The camera was a perfectly ordinary Canon EOS Rebel T3 (not even a T3i). When I bought it at the big box retailer, they offered a 300mm zoom lens and a bunch of accessories as a bundle (and that bundle was 1/3rd off the aggregate retail). So I have no doubt the zoom lens isn’t anything special either. I then duct taped an “eclipse viewer” rectangle taped over the lens (yes I literally used duct tape). It was pretty windy out so I am glad the duct tape held.
17:21, Taken in Salida
You can see Venus in the upper right. You can also see hints of at least three sunspots, the most prominent almost directly left of the center of the disk. Another to the right, and a possible pairing down and to the left of the center of the disk.
17:39, Salida… the clouds roll in
In this next picture the clouds are starting to move in. You can see Venus has moved a tiny bit downwards and to the right. (This will become more obvious in later pictures.)
18:30, Northern San Luis Valley
Got myself set up in the San Luis Valley for this one. Fifty one minutes after the previous picture, Venus has moved quite a bit.
One reason I am pretty sure the other spots are actual sunspots rather than smudges on the camera optics or the filter (and I have those too!) is that they always appear in the same place, even though the image of the sun did not (I cropped away over 90 percent of the photo and made sure the sun was centered for this post, but in reality it could have appeared almost anywhere on the original photo. An optical smudge would not have moved with it.)
19:15, Northern San Luis Valley
19:36, Northern San Luis Valley
Just a few minutes before sunset. People in the PRK (People’s Republic of Kalifornia) and Hawaii got to enjoy this transit for longer as the sun set later in those locales.

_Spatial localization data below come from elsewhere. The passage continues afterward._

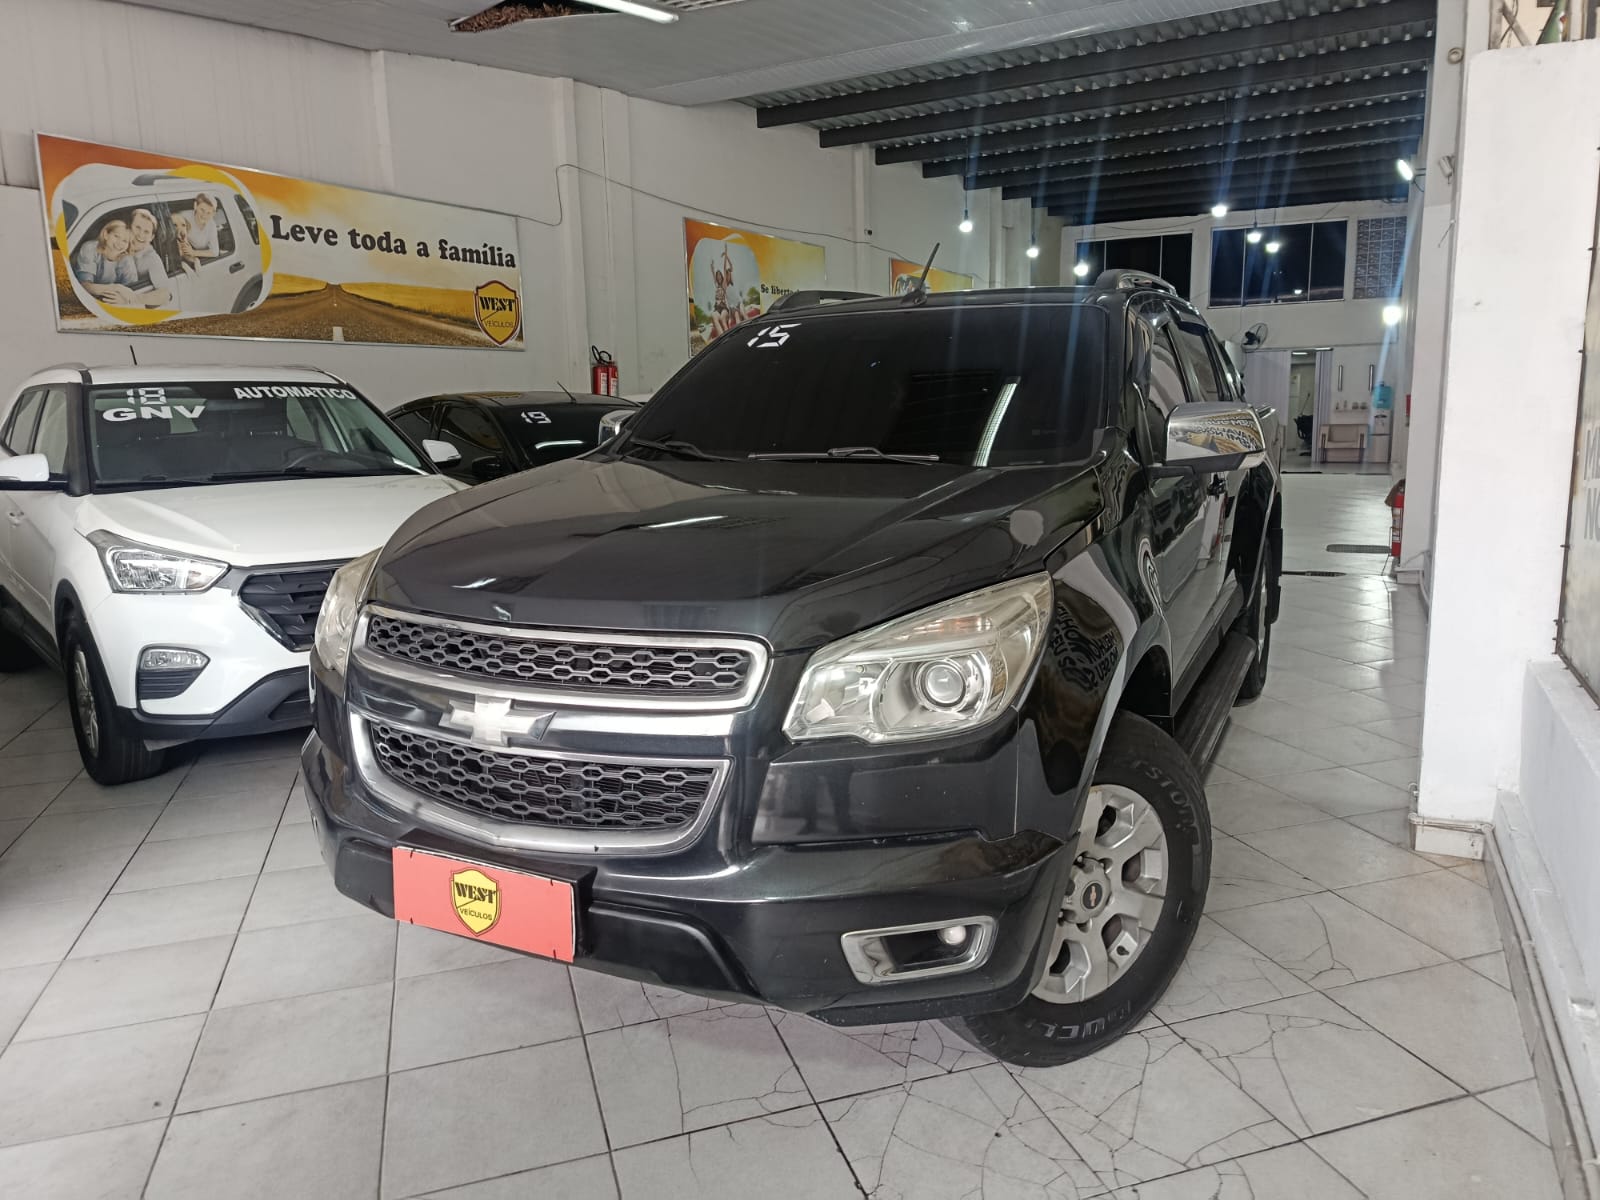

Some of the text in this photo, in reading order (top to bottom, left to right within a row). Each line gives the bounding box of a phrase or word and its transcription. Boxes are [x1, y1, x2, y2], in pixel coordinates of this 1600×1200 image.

[270, 215, 517, 268] Leve toda a família
[479, 296, 516, 312] WEST
[747, 322, 802, 348] 15
[233, 385, 357, 401] AUTOMATICO
[102, 405, 206, 422] GNV
[520, 411, 552, 424] 19
[455, 882, 496, 904] WEST
[460, 907, 492, 921] VEÍCULOS

The time stamps should be close to Mountain Daylight time so you folks in more benighted timezones can adjust.
It All Comes Together
You will note the sun traveled down and the tiniest bit to the right across the sun’s disk over the two hours and 15 minutes between the first and last photo. I will bet though, you had this mental image of the sun traveling from left to right across the sun, rather than from upper left to lower right. So this doesn’t meet that expectation. But if you think about it, this makes sense. I am taking these photos at about 38 degrees north latitude, that means that relative to where I am standing, the sun is tilted something like 52 degrees to the right near sunset, plus or minus how much the ecliptic (which is the plane of Earth’s orbit and Venus’ orbit too) is tilted at the place where the sun is at (which could be anywhere from -23 degrees to +23 degrees–but should be a small positive number at this time of the year). (Another factor that comes into play is that the tripod was not necessarily perfectly vertical in any shot, and will have changed when I moved from one location to another.) But if this transit had happened at noon, the direction of travel would have looked more “left to right” rather than “up to mostly down but a little bit to the right.” An equatorial mount would have compensated for some of this, but I don’t know if they make them for cameras.

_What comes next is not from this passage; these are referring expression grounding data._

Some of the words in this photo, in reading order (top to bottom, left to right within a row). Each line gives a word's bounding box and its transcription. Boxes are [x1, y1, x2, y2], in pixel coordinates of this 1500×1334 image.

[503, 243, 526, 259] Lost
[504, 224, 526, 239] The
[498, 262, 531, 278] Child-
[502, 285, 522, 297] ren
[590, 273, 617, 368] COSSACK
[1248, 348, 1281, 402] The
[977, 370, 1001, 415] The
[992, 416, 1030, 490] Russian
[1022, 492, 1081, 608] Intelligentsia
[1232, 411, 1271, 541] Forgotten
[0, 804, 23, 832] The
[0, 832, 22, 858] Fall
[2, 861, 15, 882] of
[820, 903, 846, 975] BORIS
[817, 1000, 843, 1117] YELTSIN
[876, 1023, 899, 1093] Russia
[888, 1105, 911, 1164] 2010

So if you mentally “untilt” these photographs it looks like Venus cut across the top of the sun’s disk. The picture I showed in my post before the transit shows Venus on the sun’s lower left during the 2004 transit. Again it makes sense; the 2004 transit happened just after what I called the sweet spot, with Venus apparently having gone below the plane of the earth’s orbit. This transit happened just before the sweet spot, so Venus would be above the plane of the earth’s orbit. (If it had happened right on the sweet spot, Venus would have crossed precisely through the center of the sun’s disk.)
(By the way this also means the diagram I included that showed the tilt of Venus’ orbit… is backwards. Venus should be higher than the earth on the left (before the sweet spot) and lower on the right (after the sweet spot). But the diagram will be correct for the pair of transits happening next century, since it correctly depicts the situation for December conjunctions.)
Anyhow, I thought I’d share the photos quickly, some of you might find them interesting. I might not be writing too coherently right now, but I need to put this post, and myself, to bed.